By: Celeste L. Dixon
Posted: Monday, January 21, 2019

Using the National Inpatient Sample, the largest publicly available, all-payer, U.S. inpatient database, investigators published a study of patients with metastatic lung cancer in the Journal of Oncology Practice. It showed that from 1998 to 2014, despite substantial increases in the utilization of palliative care, higher intensive care unit use during terminal hospitalizations resulted in rising overall costs generated by this population.

Aggressive end-of-life care “is a marker of poor-quality care,” asserted corresponding author Bobby Daly, MD, MBA, of Memorial Sloan Kettering Cancer Center, New York, and colleagues. Not only has it “not demonstrated a survival benefit, [but it] is associated with worse quality of life for patients and poorer bereavement adjustment for family members.”

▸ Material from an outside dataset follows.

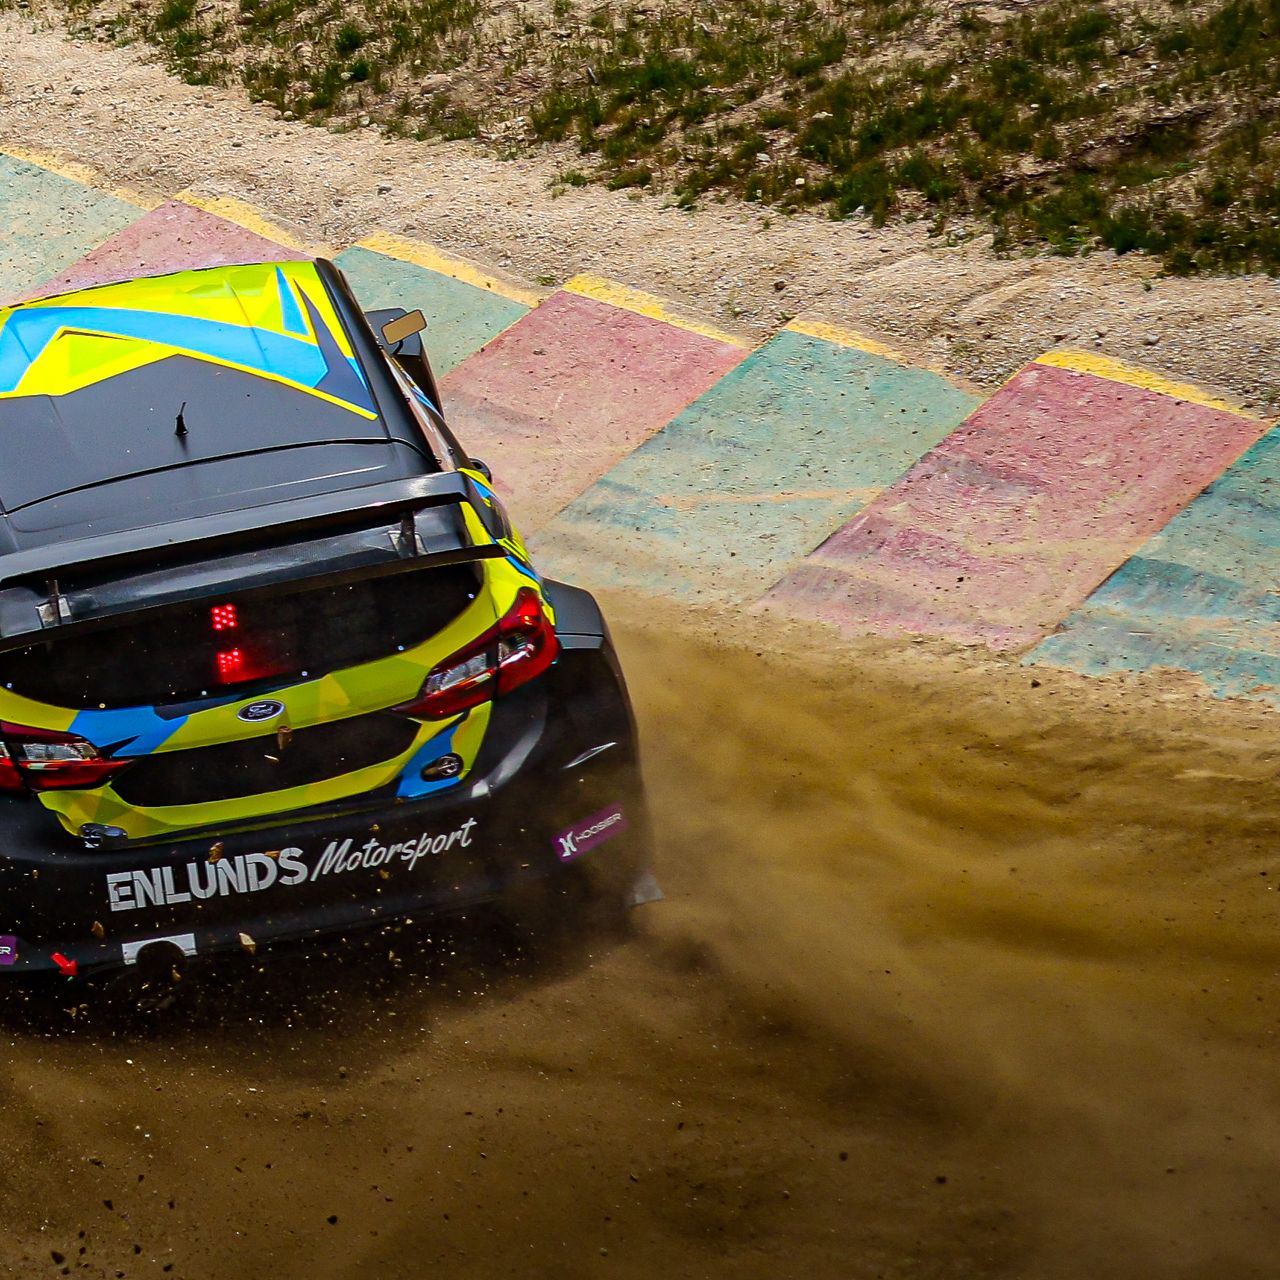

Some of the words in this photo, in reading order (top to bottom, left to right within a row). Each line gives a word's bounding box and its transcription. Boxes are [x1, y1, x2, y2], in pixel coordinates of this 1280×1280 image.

A total of 412,946 patients were identified as having stage IV lung cancer and a terminal hospitalization. Over the 16 evaluated years, the proportion of patients admitted to the intensive care unit during their final hospitalization rose from 13.3% to 27.9% (P < .001).

“The mean total hospitalization charges rose from $29,386 in 1998 to $72,469 in 2014,” noted Dr. Daly and colleagues, although the mean length of hospital stay decreased by 15%. “Promisingly, palliative care encounters for terminal hospitalizations also increased during this period from 8.7% to 53.0% (P < .01)…. However, this did not offset the [intensive-care unit] trend.”

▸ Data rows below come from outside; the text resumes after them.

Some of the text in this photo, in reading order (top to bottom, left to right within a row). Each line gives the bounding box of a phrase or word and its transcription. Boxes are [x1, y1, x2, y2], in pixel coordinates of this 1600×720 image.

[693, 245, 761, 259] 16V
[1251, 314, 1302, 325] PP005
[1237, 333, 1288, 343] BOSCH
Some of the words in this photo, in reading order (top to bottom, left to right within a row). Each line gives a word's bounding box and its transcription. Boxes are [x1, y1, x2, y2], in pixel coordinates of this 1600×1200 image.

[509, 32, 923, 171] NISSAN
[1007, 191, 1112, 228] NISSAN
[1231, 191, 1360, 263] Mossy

Evidence indicates that many oncology intensive care unit admissions are “potentially avoidable,” pointed out the researchers. To reduce costs and increase satisfaction of patients at the end of life and their caregivers, the team suggested that providers continue to increase the use of “innovative interventions, like patient-reported outcomes, hospital-in-the-home interventions, oncology medical homes, and lay navigators.”

Disclosure: The study authors’ disclosures can be found at ascopubs.org.